Return exactly the lines that run from the one with "Some of the words" to the last line of the entries below, both included, and nothing else.

------------------------------------------------------------------------

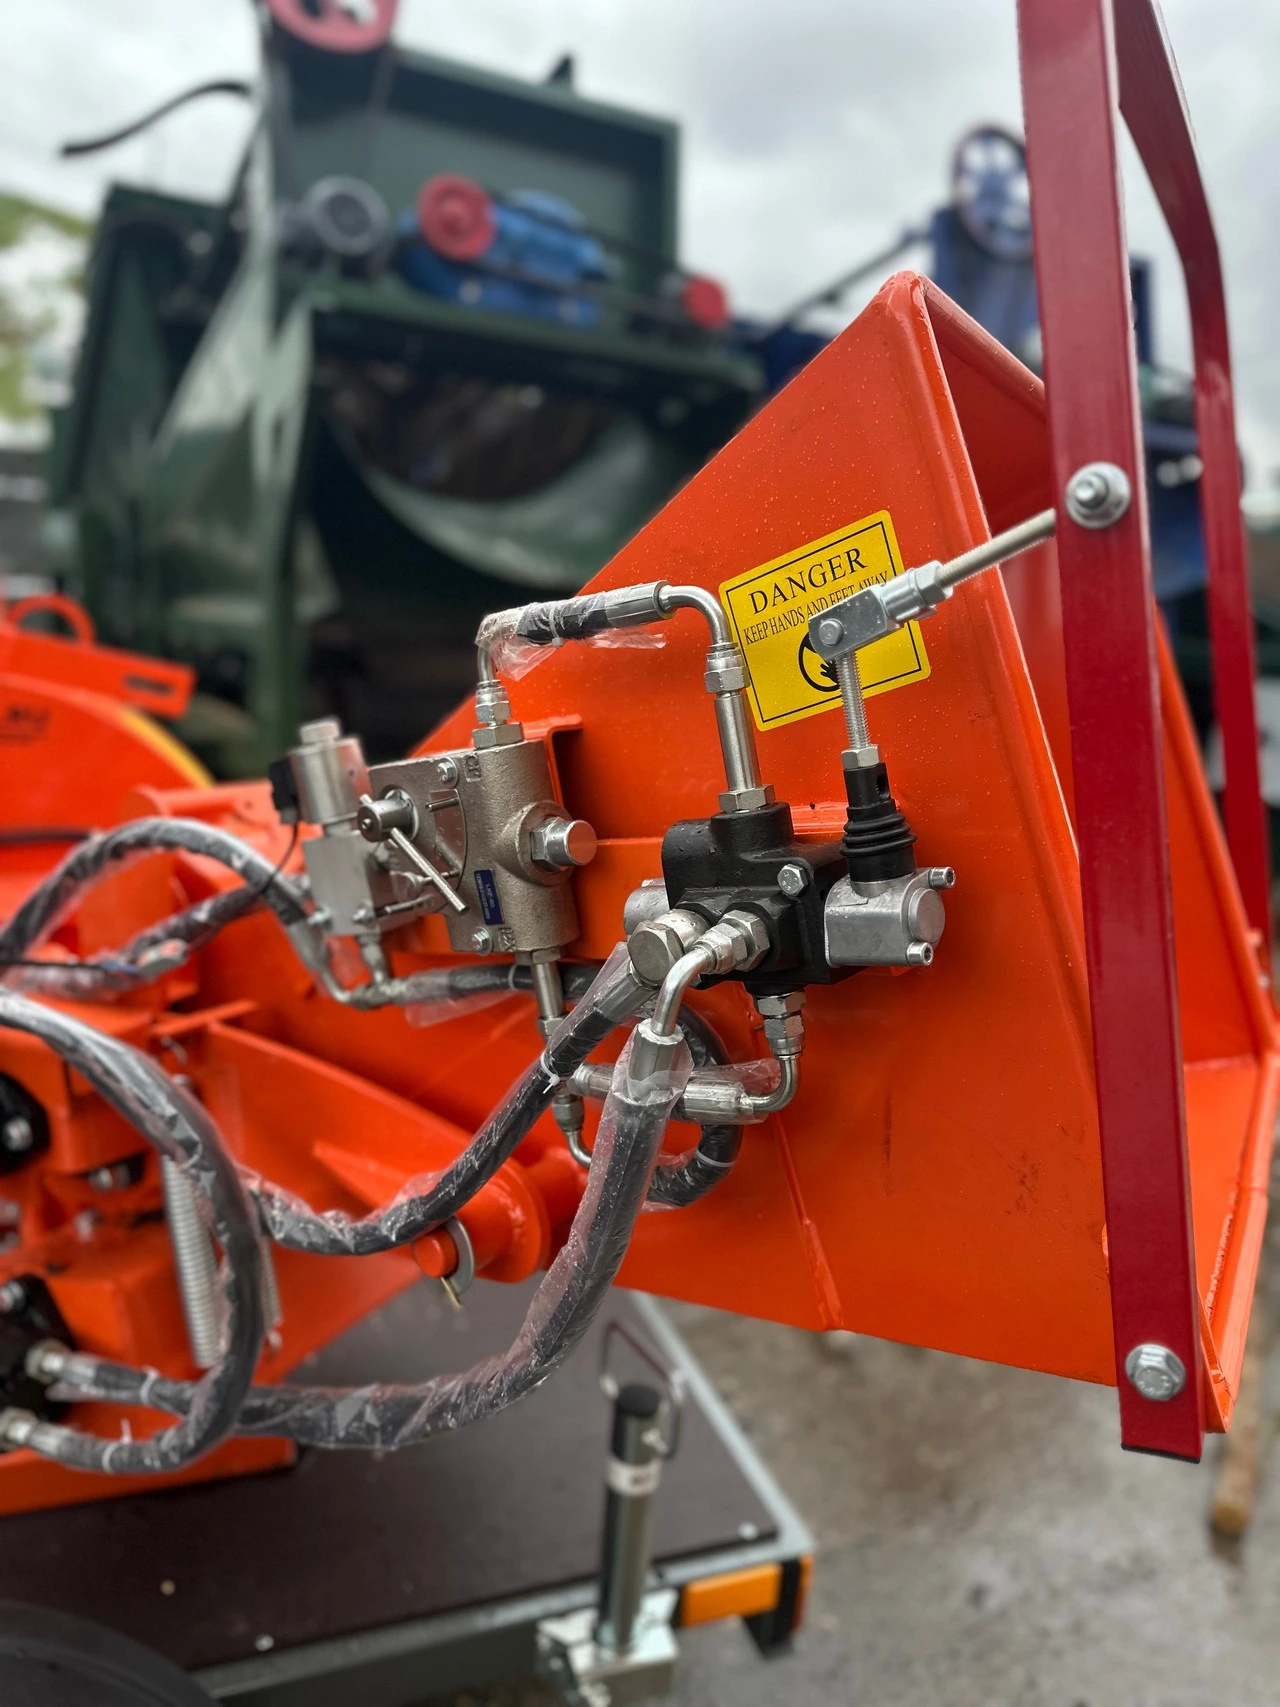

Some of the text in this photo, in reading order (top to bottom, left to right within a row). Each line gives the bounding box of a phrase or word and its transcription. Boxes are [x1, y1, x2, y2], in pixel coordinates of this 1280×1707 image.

[749, 548, 868, 615] DANGER
[743, 621, 768, 645] KEEP
[769, 606, 806, 635] HANDS
[807, 597, 829, 618] AND
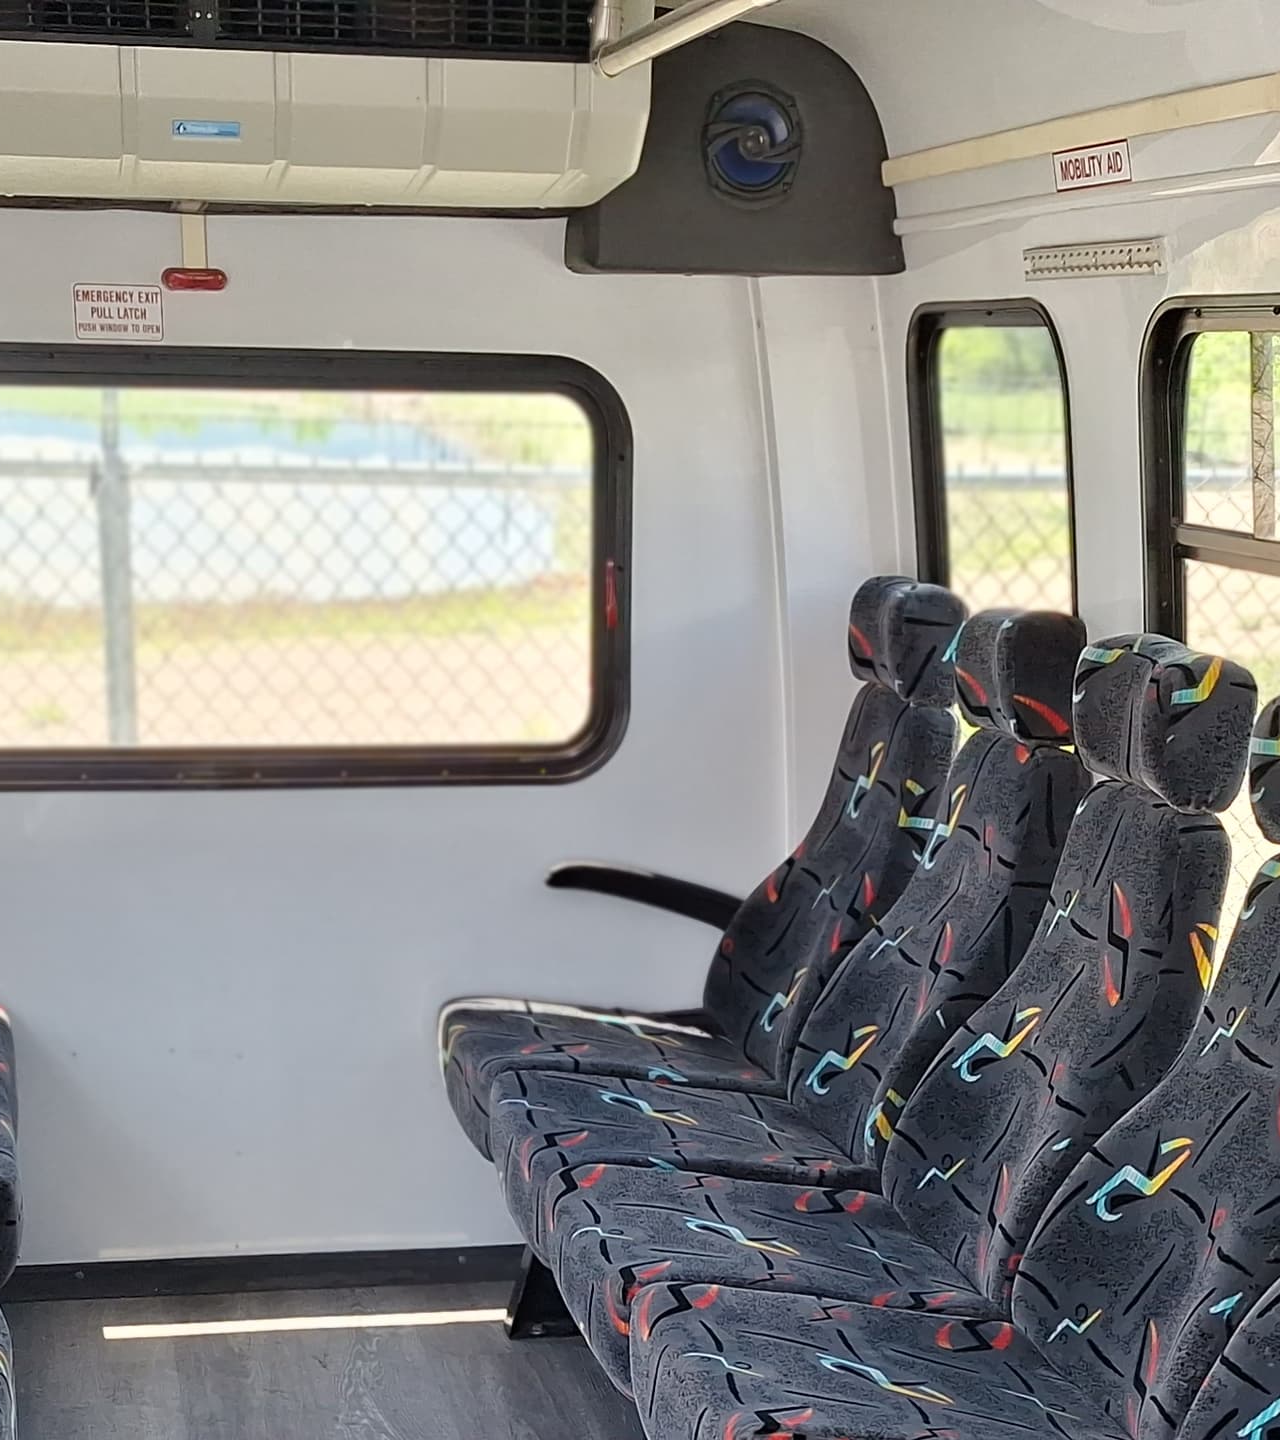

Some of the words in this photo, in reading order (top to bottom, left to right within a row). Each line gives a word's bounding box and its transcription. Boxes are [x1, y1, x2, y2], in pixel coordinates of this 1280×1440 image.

[1060, 154, 1103, 182] MOBILITY
[1107, 151, 1123, 174] AID
[75, 289, 135, 304] EMERGENCY
[138, 291, 160, 304] EXIT
[90, 306, 114, 319] PULL
[117, 307, 147, 320] LATCH
[78, 322, 97, 333] PUSH
[99, 323, 129, 333] WINDOW
[131, 323, 140, 333] TO
[142, 324, 161, 334] OPEN

------------------------------------------------------------------------

**Task solution**
Some of the words in this photo, in reading order (top to bottom, left to right within a row). Each line gives a word's bounding box and its transcription. Boxes are [x1, y1, x2, y2], in pixel coordinates of this 1280×1440 image.

[1060, 154, 1103, 182] MOBILITY
[1107, 151, 1123, 174] AID
[75, 289, 135, 304] EMERGENCY
[138, 291, 160, 304] EXIT
[90, 306, 114, 319] PULL
[117, 307, 147, 320] LATCH
[78, 322, 97, 333] PUSH
[99, 323, 129, 333] WINDOW
[131, 323, 140, 333] TO
[142, 324, 161, 334] OPEN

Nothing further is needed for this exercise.